*Exercise instructions*
Write the entries below out again exactly, but skip the pictures.

(Beginning of Listed records)

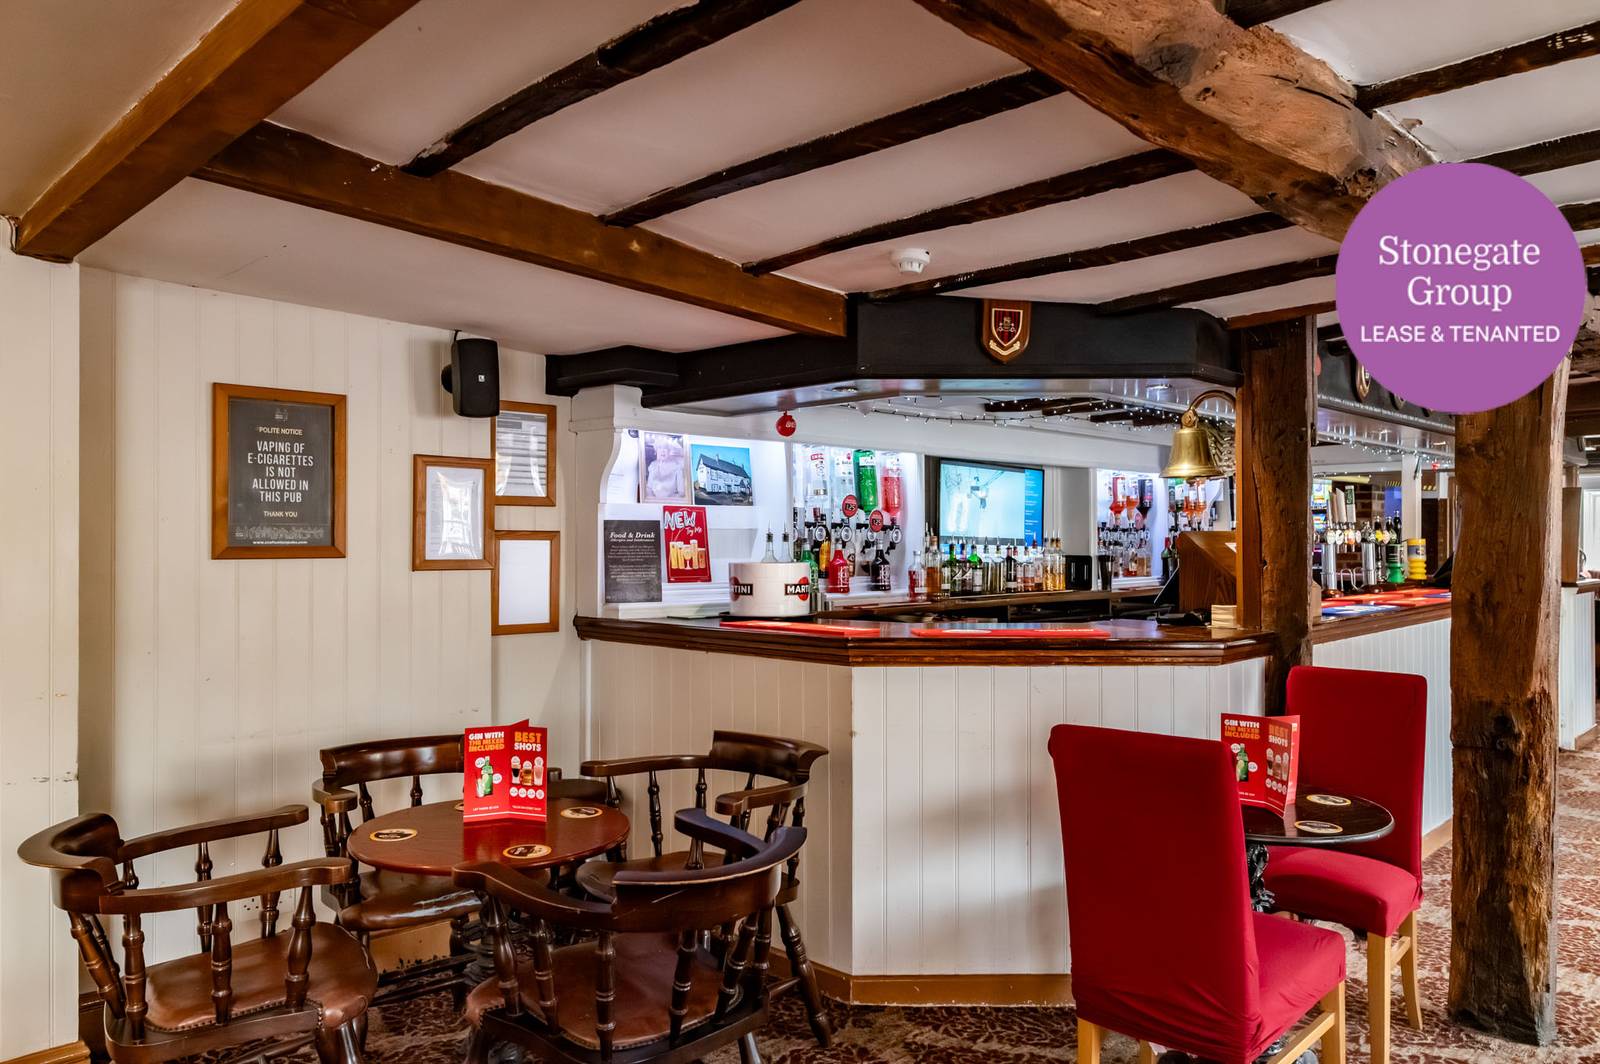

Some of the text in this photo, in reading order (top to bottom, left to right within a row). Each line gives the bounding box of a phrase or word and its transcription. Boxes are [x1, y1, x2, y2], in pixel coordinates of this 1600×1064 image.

[258, 426, 302, 435] POLITE NOTICE
[256, 441, 305, 453] VAPING OF
[248, 453, 313, 466] E-CIGARETTES
[266, 466, 296, 478] IS NOT
[252, 478, 308, 491] ALLOWED IN
[260, 491, 302, 503] THIS PUB
[664, 510, 696, 531] NEW
[1239, 720, 1259, 728] WITH
[514, 732, 542, 743] BEST
[1224, 731, 1260, 740] INCLUDED
[469, 744, 504, 752] INCLUDED
[514, 742, 542, 752] SHOTS
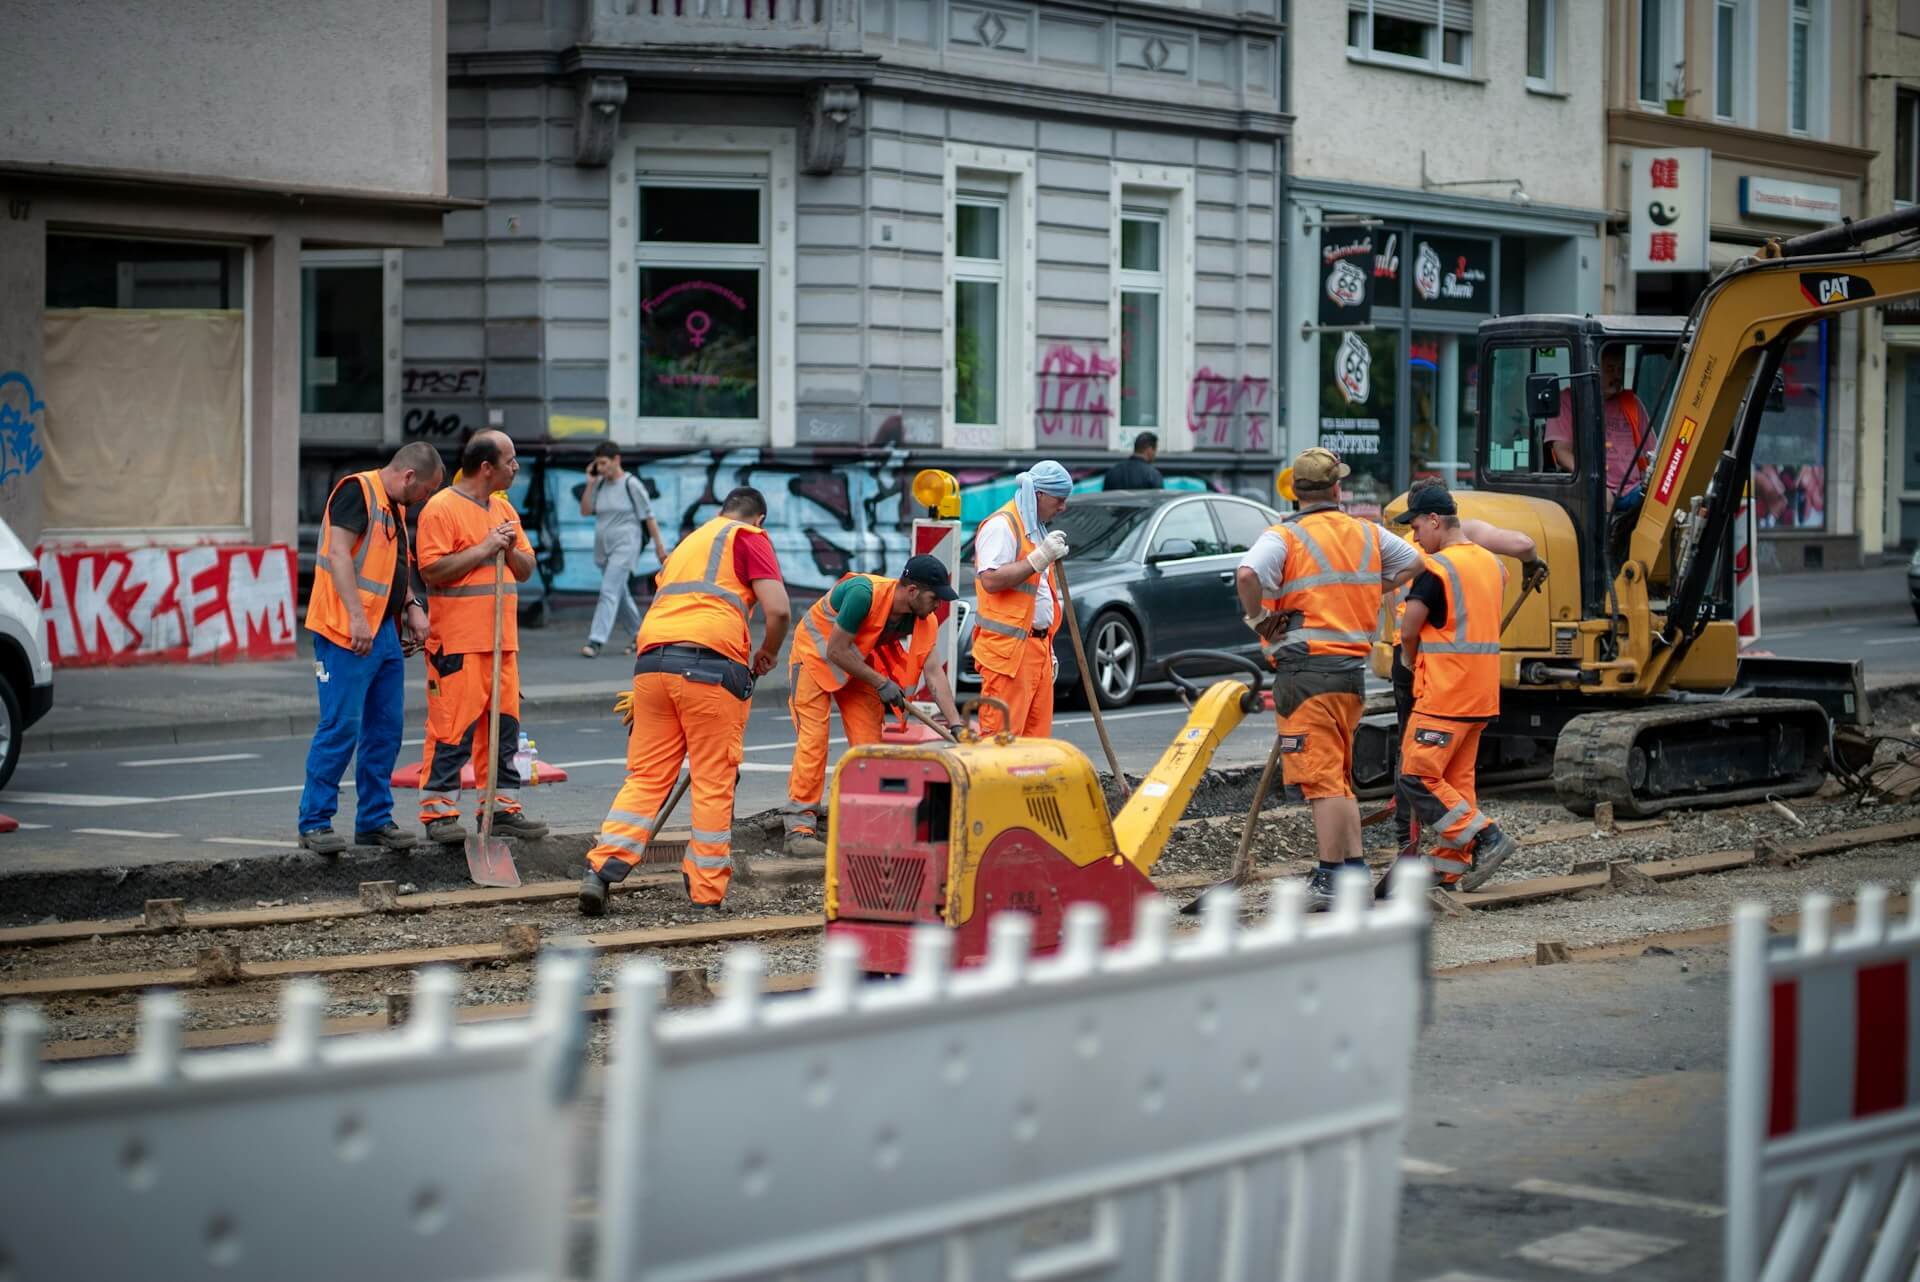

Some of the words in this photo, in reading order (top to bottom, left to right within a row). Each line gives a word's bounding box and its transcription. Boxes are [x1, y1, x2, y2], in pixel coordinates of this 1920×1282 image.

[1819, 275, 1850, 304] CAT
[1346, 353, 1363, 383] 66
[1661, 447, 1683, 496] ZEPPELIN
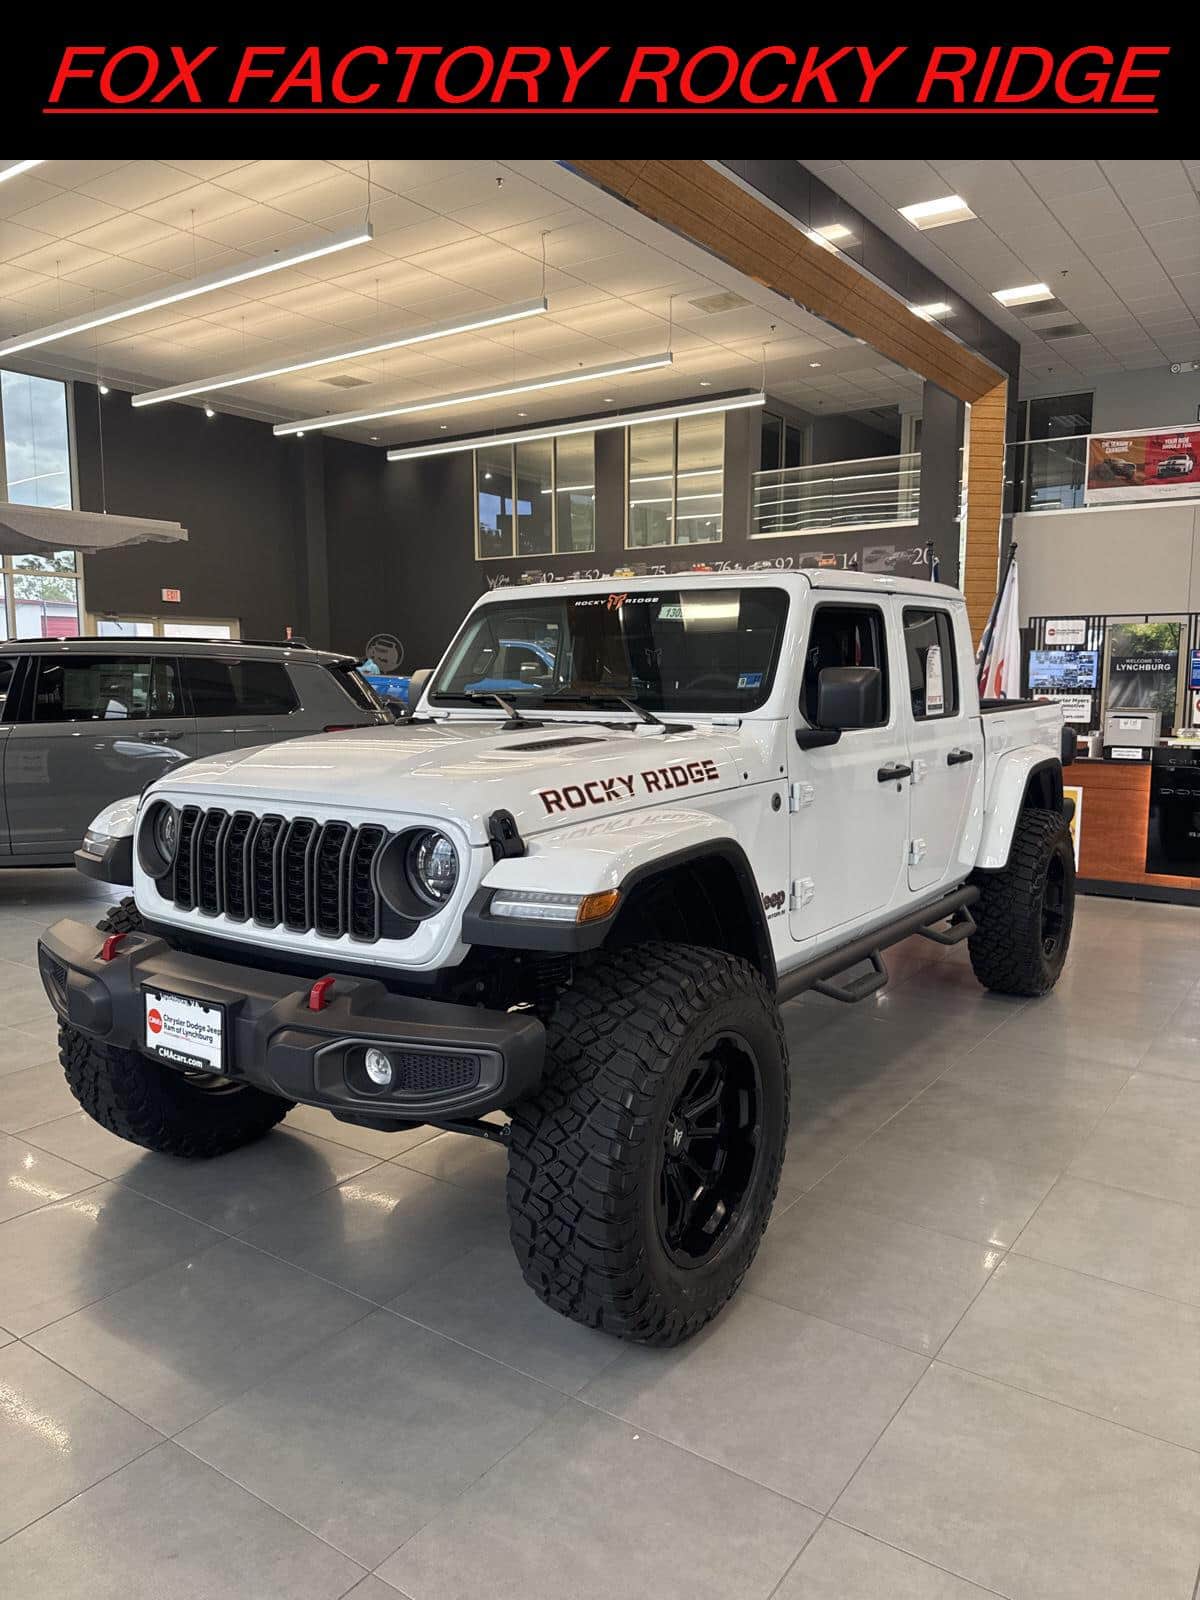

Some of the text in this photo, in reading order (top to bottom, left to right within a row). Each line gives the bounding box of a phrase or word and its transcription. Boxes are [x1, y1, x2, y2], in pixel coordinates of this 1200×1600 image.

(End of Listed records)

*Finished task*
Some of the text in this photo, in reading order (top to bottom, left to right within a row). Each line gives the bounding box of a phrase or word and its transcription. Boxes are [x1, y1, x2, y2], in pixel coordinates of this 1600×1064 image.

[258, 426, 302, 435] POLITE NOTICE
[256, 441, 305, 453] VAPING OF
[248, 453, 313, 466] E-CIGARETTES
[266, 466, 296, 478] IS NOT
[252, 478, 308, 491] ALLOWED IN
[260, 491, 302, 503] THIS PUB
[664, 510, 696, 531] NEW
[1239, 720, 1259, 728] WITH
[514, 732, 542, 743] BEST
[1224, 731, 1260, 740] INCLUDED
[469, 744, 504, 752] INCLUDED
[514, 742, 542, 752] SHOTS

Some of the words in this photo, in reading order (top to bottom, left to right within a row). Each line gives a word's bounding box and its transcription. Boxes are [x1, y1, x2, y2], in pixel coordinates of this 1920×1282 image.

[1819, 275, 1850, 304] CAT
[1346, 353, 1363, 383] 66
[1661, 447, 1683, 496] ZEPPELIN

Some of the text in this photo, in reading order (top to bottom, left to right within a row). Each line gives the bounding box of a phrase or word and its transcription. Boxes are [x1, y1, x2, y2], in pixel coordinates of this 1200×1600 image.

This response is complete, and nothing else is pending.